In working on a post on Jasmine Baucham's "Joyfully At Home" a few days ago, I recognized that CP/QF life advice for young women is "Be someone else!".  Young women are supposed to mold themselves to be the perfect wife for a future husband.  Because they are so young and so inexperienced, those young women don't recognize the impossibility of preparing to be a perfect wife for a man who doesn't exist yet.   I also doubt those young women can conceptualize that the process of finding a spouse and settling into married life changes both parties.   That's looking at the short-term; trying to become the woman your future husband needs 30 years down the road rapidly descends into chaos.

Now, at least young Jasmine was keeping her audience somewhat confined by focusing on the needs of a future husband with glancing references to the completely imaginary children of that marriage.  Marina Sears joins Geoffrey Botkin and Steven Maxwell in thinking far more radically about what one human being can plan.    Why limit control to conforming yourself to a future husband when you can control your children forever?

This quote from Chapter Three of "The Battle of Peer Dependence" clarifies the goal of parents - and the bolded section is from the original:
As the years have passed, I know why many parents are broken-hearted after giving their lives to see their children to follow the Lord. These young people have grown into adults grieving in spirit for their failures and living with the consequences of poor choices they made as teenagers. Sadly, they grow up, marry, and have children of their own, still locked in peer dependency. Many are not understanding that they have a greater desire to please others or to be like others, then the individual God has created them to be. It is tragic that young people do not understand that their identities must come from God, his word, and their families, instead of their peers. (pg. 29)
In the United States and most of Europe from the Middle Ages onward, a nuclear family created at marriage gained the largest degree of freedom that any person received during their lifetime.    That nuclear family was deeply interconnected with obligations to their parents, their siblings, their neighbors and the larger society - but each nuclear family unit was allowed to make decisions.  Because of this, men and women both received greater levels of freedom upon marriage.  Men's freedom came from becoming the head of the household.  Women's freedom came from being the right-hand of the head of the household.

That is not the only family system, however. 

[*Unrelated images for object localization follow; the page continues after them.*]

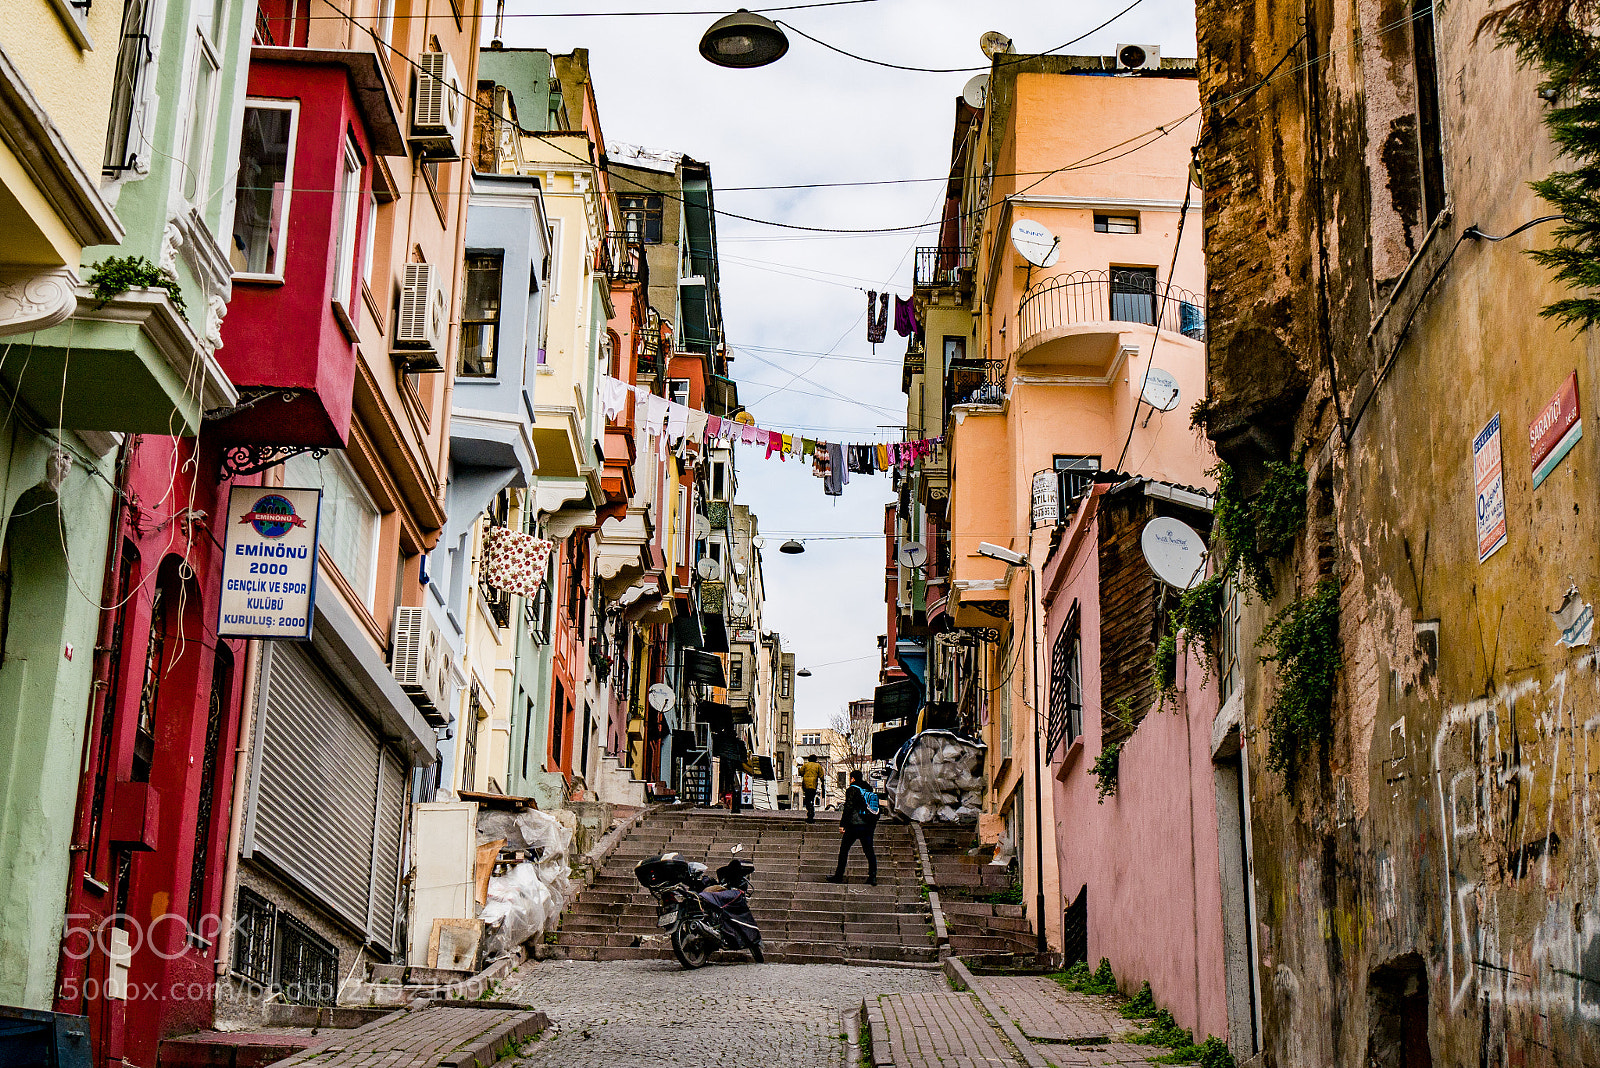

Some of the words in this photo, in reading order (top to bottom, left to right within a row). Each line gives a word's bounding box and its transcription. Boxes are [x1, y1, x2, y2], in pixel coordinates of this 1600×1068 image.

[1530, 393, 1561, 449] SARAYİÇİ
[255, 513, 293, 522] EMİNÖNÜ
[235, 542, 308, 559] EMİNÖNÜ
[249, 562, 288, 576] 2000
[227, 578, 266, 595] GENÇLİK
[268, 581, 280, 593] VE
[282, 583, 307, 595] SPOR
[247, 597, 284, 611] KULÜBÜ
[224, 614, 276, 628] KURULUŞ:
[278, 617, 305, 628] 2000

A different system that was prevalent in Ancient Rome, Ancient Greece and many civilizations in Asia places the responsibility for all family decision making on the eldest male in the family.   In this system, all males, their wives and their unmarried children are under the authority of that eldest male - whom I am going to refer as the paterfamilias from the Latin term - until he dies.   At his death, the power passes to the next eldest male.  In this system, marriage does nothing in terms of raising the amount of freedom for young men or women.  In fact, marriage timing and partner was generally decided by the paterfamilias based on the needs of the larger family.   Let's say that the family would benefit from a connection to the Smiths.  The paterfamilias for the two families meet and decide that the younger daughter from Family A should marry the Smith's middle son.    Neither of the people involved in the wedding are consulted for trivialities about personal preferences because neither of the people have any level of freedom over marriage choices.

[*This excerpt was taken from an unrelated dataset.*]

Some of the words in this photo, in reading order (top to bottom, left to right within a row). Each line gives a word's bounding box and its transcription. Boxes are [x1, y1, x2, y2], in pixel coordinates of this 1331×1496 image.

Marina Sears works under the assumption that God expects children to remain under the parents' authority forever.   Now, Mrs. Sears - and Geoffrey Botkin and Steven Maxwell who espouse similar beliefs - would never be so crass as to declare themselves the paterfamilias of their children and grandchildren.   That would be too obvious of a power-play in the United States where people expect grown adults to show certain levels of independence from their parents.  Instead, the paterfamilias wannabes support keeping children and teenagers isolated from pretty much everyone outside the immediate family so that the family members never see any other options for living during their formative years.   By the time the now-adult kids are looking to marry, the kids should have internalized the family culture perfectly and live exactly like their parents want them to live.

Does it work?   Well, I have no idea how well Marina Sears kept her kids under her control as they got older - but the outcome has been decidedly mixed for the Botkin and Maxwell clans. 

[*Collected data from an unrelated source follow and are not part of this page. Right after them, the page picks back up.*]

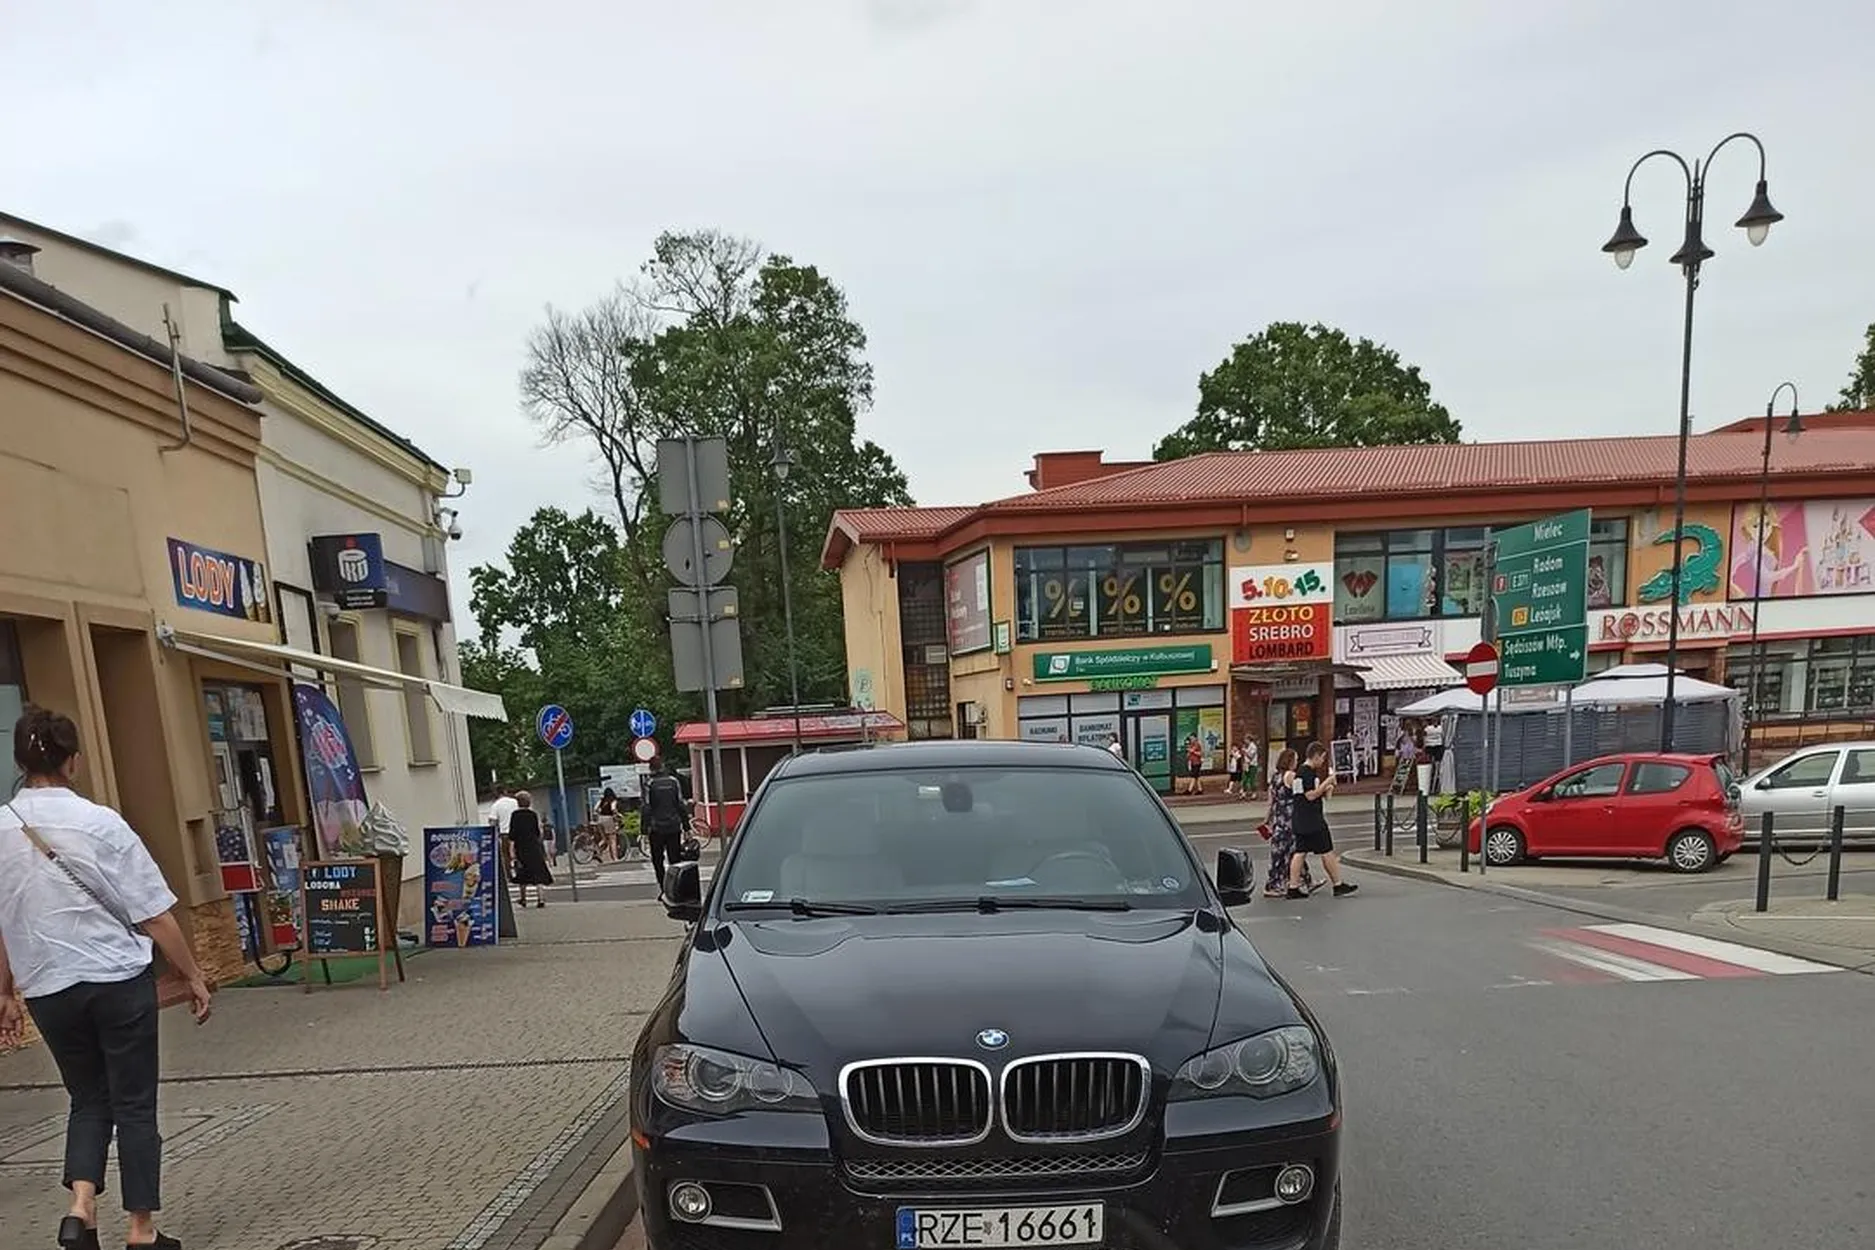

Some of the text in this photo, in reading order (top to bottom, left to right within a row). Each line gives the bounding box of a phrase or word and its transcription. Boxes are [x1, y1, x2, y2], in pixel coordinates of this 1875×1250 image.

[1533, 522, 1563, 542] Mielec
[1532, 556, 1563, 574] Radom
[176, 546, 234, 608] LODY
[1248, 606, 1314, 625] ZŁOTO
[1601, 605, 1756, 641] ROSSMANN
[1248, 624, 1314, 642] SREBRO
[1249, 641, 1314, 660] LOMBARD
[321, 899, 360, 911] SHAKE
[918, 1207, 1096, 1244] RZE 16661

The Botkin clan married off the three oldest sons who have had a few kids each - but the Botkin daughters are well beyond the expected age of marriage for CP/QF girls and the two youngest sons are unmarried in their late 20's.   The middle son Benjamin seems to be supporting himself by composing music; the remainder of the family works for Lucas' T.Rex Arms business of producing specialized weapon accessories by CNC machine.   That sounds nice enough - but nine grandkids from three sons is hardly the massive brood of Botkin grandchildren Geoffrey envisioned in his 200-year plan.

The Maxwells have certainly succeeded in that they've managed to land all four married sons in homes within 0.7 miles of  Steve and Terri's home and have so far produced 17 grandchildren with one more to be born next summer.  On the flip side, the families of Nathan, Joseph and John Maxwell seem to be much more relaxed in clothing styles than Steve and Terri were at the same age.  (Meanwhile, Christopher Maxwell's family is now more conservative in clothing than the remaining unmarried Maxwell kids.)  Similarly, Joseph and John Maxwell's families appear on the blog much less frequently than the other two married brothers and the unmarried sisters.  Those two brothers might simply want less internet exposure for their children - or they might have carved out slightly more space for their families from the clan.

"The Battle of Peer Dependency" is cult-speak for "No one can question the will of the parents".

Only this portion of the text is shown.